Tactically, Bishop Hughes used public forums, debates with nativists, and the news media to try to convince native-born Americans of the justice of his positions. When these failed, he used threats and bare-knuckled politics to try to preserve a space for Irish children in the public schools, but ultimately he was defeated.

A week of anti-immigrant rioting in the Fishtown section of Philadelphia culminated in the burning of St. Michael’s Catholic Church in 1844.

In addition to their influence over religious practice, the Know Nothings impacted immigrant political behavior profoundly, as well. Before the 1840s, immigrants split their votes among the different parties. When the Know Nothing terror began, immigrants began to vote solidly Democratic. The Democrats favored the immigrant and were rewarded with his vote.
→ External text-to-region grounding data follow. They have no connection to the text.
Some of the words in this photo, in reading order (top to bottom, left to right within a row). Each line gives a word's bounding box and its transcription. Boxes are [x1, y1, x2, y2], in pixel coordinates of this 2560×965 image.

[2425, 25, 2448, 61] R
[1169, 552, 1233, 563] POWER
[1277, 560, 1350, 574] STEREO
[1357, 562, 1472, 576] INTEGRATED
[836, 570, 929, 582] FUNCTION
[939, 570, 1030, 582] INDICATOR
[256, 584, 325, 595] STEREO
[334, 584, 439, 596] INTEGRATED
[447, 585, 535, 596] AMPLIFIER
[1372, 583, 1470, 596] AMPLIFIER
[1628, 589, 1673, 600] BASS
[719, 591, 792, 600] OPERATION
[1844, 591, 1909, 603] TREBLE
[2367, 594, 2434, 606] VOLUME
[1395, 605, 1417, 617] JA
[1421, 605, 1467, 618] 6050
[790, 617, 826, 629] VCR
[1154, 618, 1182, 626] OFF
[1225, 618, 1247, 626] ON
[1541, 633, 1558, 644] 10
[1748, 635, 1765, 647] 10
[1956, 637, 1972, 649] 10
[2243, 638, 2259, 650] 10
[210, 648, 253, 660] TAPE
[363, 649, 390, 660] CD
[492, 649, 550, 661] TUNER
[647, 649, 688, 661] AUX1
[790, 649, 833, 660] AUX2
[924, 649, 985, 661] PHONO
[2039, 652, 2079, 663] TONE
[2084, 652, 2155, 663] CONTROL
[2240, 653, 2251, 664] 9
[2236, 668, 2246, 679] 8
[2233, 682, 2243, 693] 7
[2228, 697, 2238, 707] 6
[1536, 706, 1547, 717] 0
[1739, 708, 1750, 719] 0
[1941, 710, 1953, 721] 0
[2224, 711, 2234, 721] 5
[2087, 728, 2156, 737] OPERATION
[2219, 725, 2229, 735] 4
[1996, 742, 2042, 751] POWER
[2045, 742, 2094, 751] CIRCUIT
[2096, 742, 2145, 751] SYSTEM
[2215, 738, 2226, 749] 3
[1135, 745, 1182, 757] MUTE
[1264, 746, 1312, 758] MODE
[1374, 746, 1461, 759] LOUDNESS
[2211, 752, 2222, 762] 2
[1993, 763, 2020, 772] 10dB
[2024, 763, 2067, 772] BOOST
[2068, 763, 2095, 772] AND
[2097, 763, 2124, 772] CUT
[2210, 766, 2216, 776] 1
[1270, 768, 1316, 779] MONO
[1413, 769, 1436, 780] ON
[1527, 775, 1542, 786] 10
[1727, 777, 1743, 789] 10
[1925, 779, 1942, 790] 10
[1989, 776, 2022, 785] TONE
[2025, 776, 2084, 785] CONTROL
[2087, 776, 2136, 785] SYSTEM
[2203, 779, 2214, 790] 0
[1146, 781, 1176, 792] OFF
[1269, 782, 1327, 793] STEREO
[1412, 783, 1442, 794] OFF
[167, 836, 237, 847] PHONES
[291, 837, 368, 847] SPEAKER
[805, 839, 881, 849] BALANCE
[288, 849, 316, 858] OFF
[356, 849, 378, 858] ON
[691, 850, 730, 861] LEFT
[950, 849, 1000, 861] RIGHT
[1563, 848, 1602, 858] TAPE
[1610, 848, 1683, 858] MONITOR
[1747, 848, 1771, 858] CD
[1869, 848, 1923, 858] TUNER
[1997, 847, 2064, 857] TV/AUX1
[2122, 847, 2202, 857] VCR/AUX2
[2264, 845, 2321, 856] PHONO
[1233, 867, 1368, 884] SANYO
Know Nothing political violence took scores, and even hundreds, of lives, and you can hear how the violence traumatically effected the civic outlook of immigrants in this recollection written by a German survivor of the 1855 Bloody Monday riots in Louisville, Kentucky:

If one can designate the years from 1849 to 1855 as the period of Storm and Stress for Germans, one also may similarly designate the time after the previously mentioned Know Nothings’ atrocities until the outbreak of the Civil War as the time of Weariness and Lethargy. And this Weariness and Lethargy was even so great, if yet not greater than the spirit of Effort and Excitement that had previously existed. In fact a general apathy and despondency seized the Germans. For years they took part in neither local nor state elections, indeed left the political field totally to the Know Nothings, to the sorrow of a large number of native-born Americans antagonistic to this proscriptive party… [T]hey scarcely still dared to visit the public beer gardens on Sunday afternoon, out of fear of a confrontation with the bullies, who were brought in by the Know-Nothings on the bloody election day…2

Since the same Protestant ministers who were associated with Know Nothingism were also abolitionists, many immigrants became mistrustful of the anti-slavery movement. Even the liberal German refugees from the 1848 revolutions were so alienated from the abolitionist “Puritans” that they refused to join forces with native-born abolitionists, forming instead their own separate anti-slavery organizations.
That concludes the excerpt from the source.